As policymakers grappled with soaring house prices and the risk of a property bubble, Robertson said the government was reviewing housing policies, and had written to the Reserve Bank of New Zealand (RBNZ) asking what it could do to help slow a property boom.
The New Zealand dollar jumped to US$0.6985, its highest since mid-2018, as the government move reinforced expectations the central bank will resist moving toward negative interest rates next year.
Mr Robertson has proposed including stabilising house prices as a factor for consideration in the remit when formulating monetary policy.
"I am concerned that the recent rapid escalation in house prices, and forecasts for this to continue, are affecting the government's ability to meet the economic objectives set out in the remit," he said in the letter to RBNZ Governor Adrian Orr.
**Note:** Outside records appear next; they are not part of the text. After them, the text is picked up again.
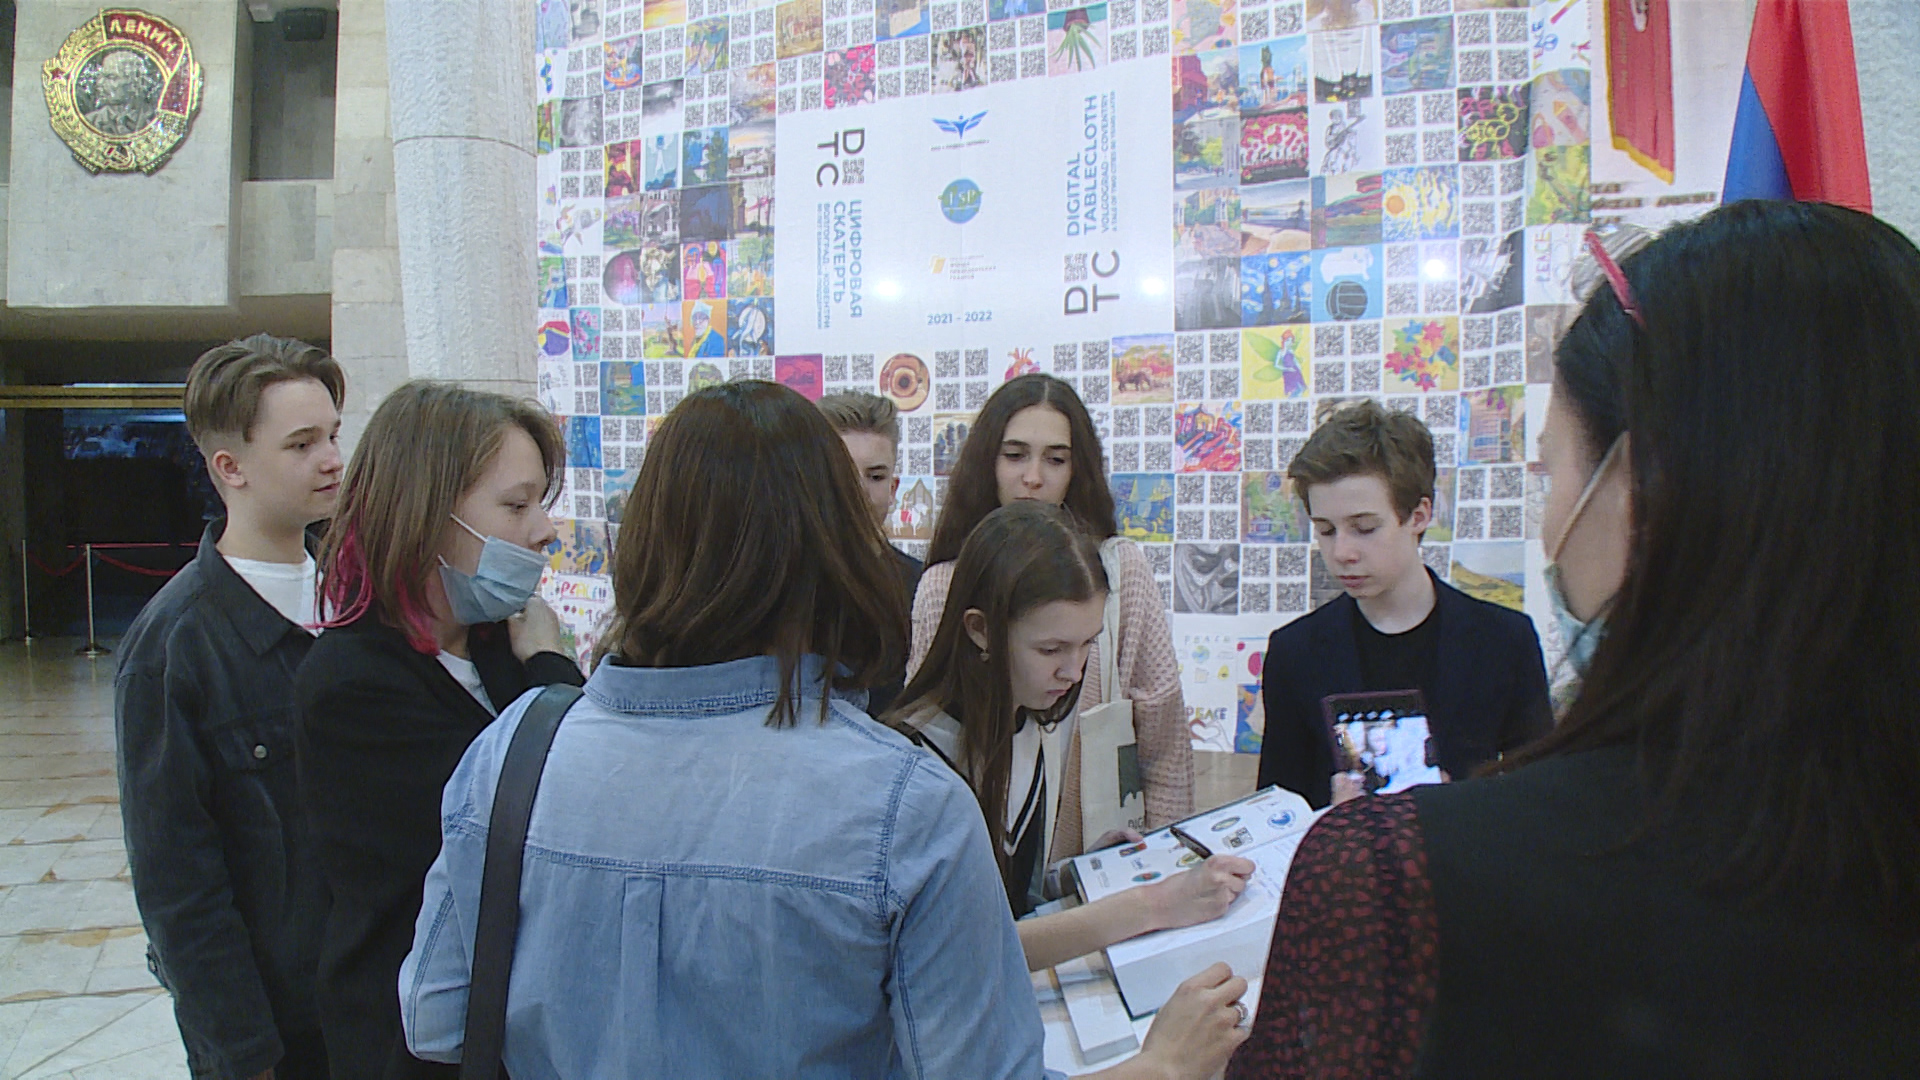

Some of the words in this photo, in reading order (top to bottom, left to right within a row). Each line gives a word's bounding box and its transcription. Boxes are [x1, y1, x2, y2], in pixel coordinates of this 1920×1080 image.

[109, 18, 178, 53] ЛЕНИН
[1100, 93, 1109, 152] COVENTRY
[1066, 152, 1080, 237] DIGITAL
[1083, 94, 1097, 236] TABLECLOTH
[1100, 161, 1109, 233] VOLGOGRAD
[833, 200, 846, 304] СКАТЕРТЬ
[847, 199, 862, 318] ЦИФРОВАЯ
[927, 312, 953, 325] 2021
[964, 310, 993, 323] 2022
[1185, 705, 1227, 721] PEACE
"I am also concerned about the potential that these price increases may present a financial stability risk to the economy, particularly when monetary policy returns to more normal settings."
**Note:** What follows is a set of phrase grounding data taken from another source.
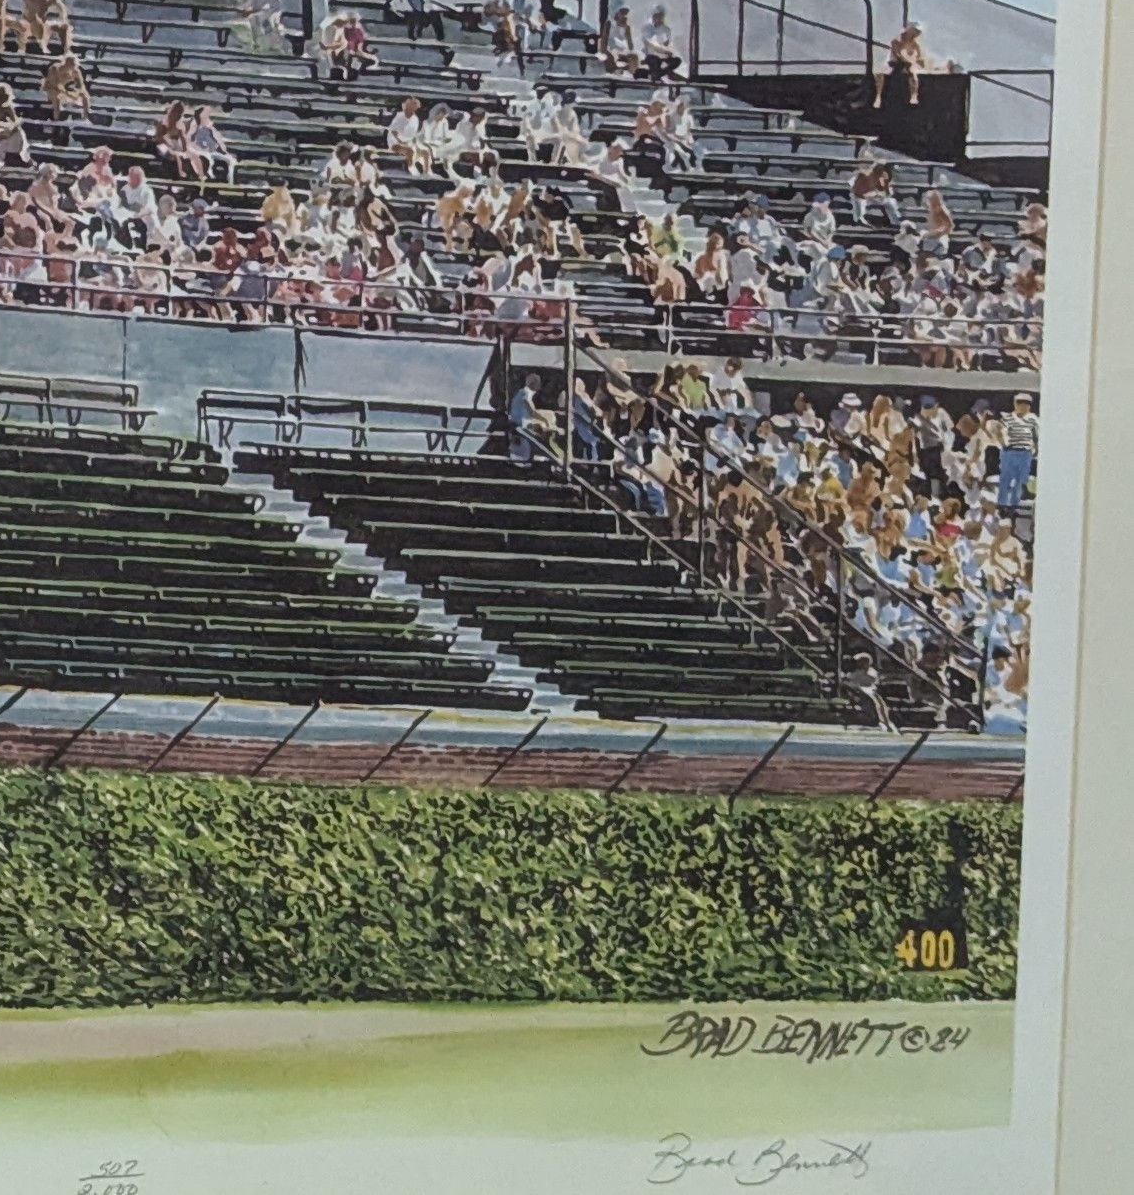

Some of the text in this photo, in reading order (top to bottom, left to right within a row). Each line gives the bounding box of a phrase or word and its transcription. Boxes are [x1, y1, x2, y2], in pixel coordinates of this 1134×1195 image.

[894, 929, 956, 969] 400
[640, 1010, 758, 1059] BRAD
[751, 1014, 907, 1064] BENNETT
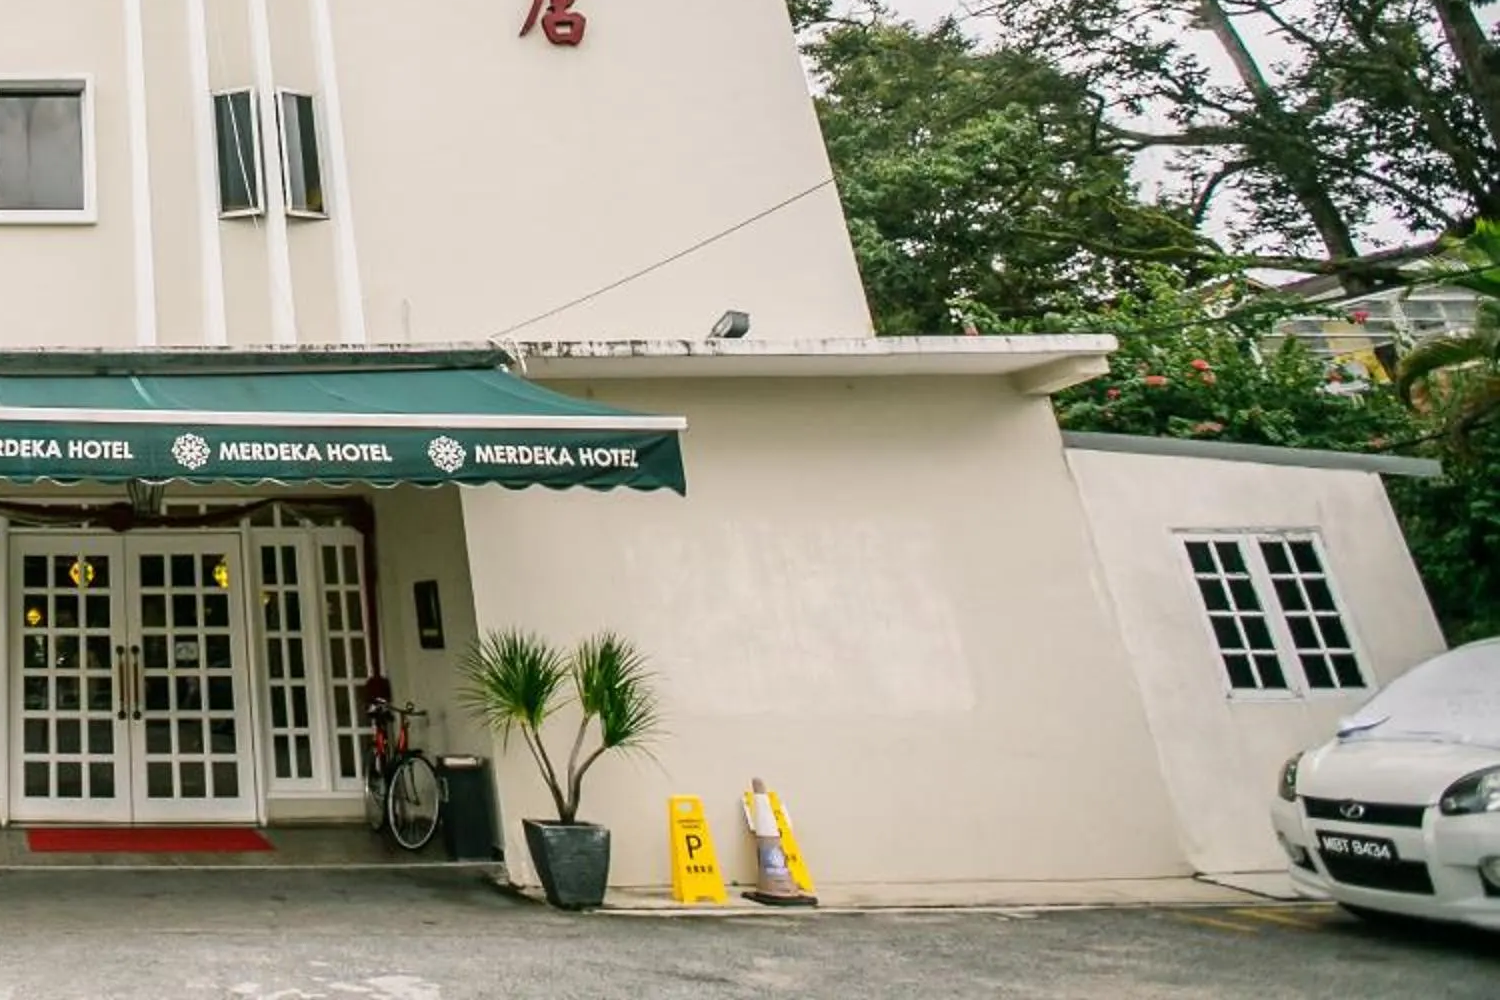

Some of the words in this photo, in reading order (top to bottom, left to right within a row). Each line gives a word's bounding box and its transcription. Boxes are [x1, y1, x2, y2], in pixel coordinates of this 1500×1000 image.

[67, 440, 134, 460] HOTEL
[218, 441, 323, 462] MERDEKA
[326, 443, 393, 463] HOTEL
[474, 444, 576, 467] MERDEKA
[578, 447, 640, 468] HOTEL
[685, 834, 703, 860] P
Mr Robertson's letter comes amid growing pressure to restrain the booming property market, and calls from the opposition party to "rein in" the central bank.
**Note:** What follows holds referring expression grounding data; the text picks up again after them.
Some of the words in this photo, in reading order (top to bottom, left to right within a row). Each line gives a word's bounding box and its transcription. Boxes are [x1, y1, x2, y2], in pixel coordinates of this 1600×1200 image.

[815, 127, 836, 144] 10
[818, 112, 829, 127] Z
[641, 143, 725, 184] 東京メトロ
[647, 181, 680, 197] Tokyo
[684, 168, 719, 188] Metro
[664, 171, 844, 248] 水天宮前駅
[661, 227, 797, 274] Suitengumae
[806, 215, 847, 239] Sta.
While the RBNZ pumped another NZ$28 billion into the banking system this month, raising concerns this would further inflame the housing market, it also looking at reintroducing mortgage lending curbs that it took off after Covid-19 slowed economic activity.
Historically low interest rates, along with other monetary and fiscal stimulus to support a pandemic-hit economy have fired up New Zealand's housing market, wrong-footing many economists who had expected a slowdown.
Westpac Bank said last week that it now expects house price inflation to peak at 15 per cent by June 2021, and prices to rise 13 per cent over 2021 as a whole.
"With an extended period of low interest rates, and some time before housing supply can catch up with demand, now is the time to consider how the Reserve Bank may contribute to a stable housing market," Mr Robertson said in the statement.
"Undertaking this work is not to suggest the Reserve Bank bears responsibility for house prices, but simply that it should have regard to something that is influenced by monetary policy."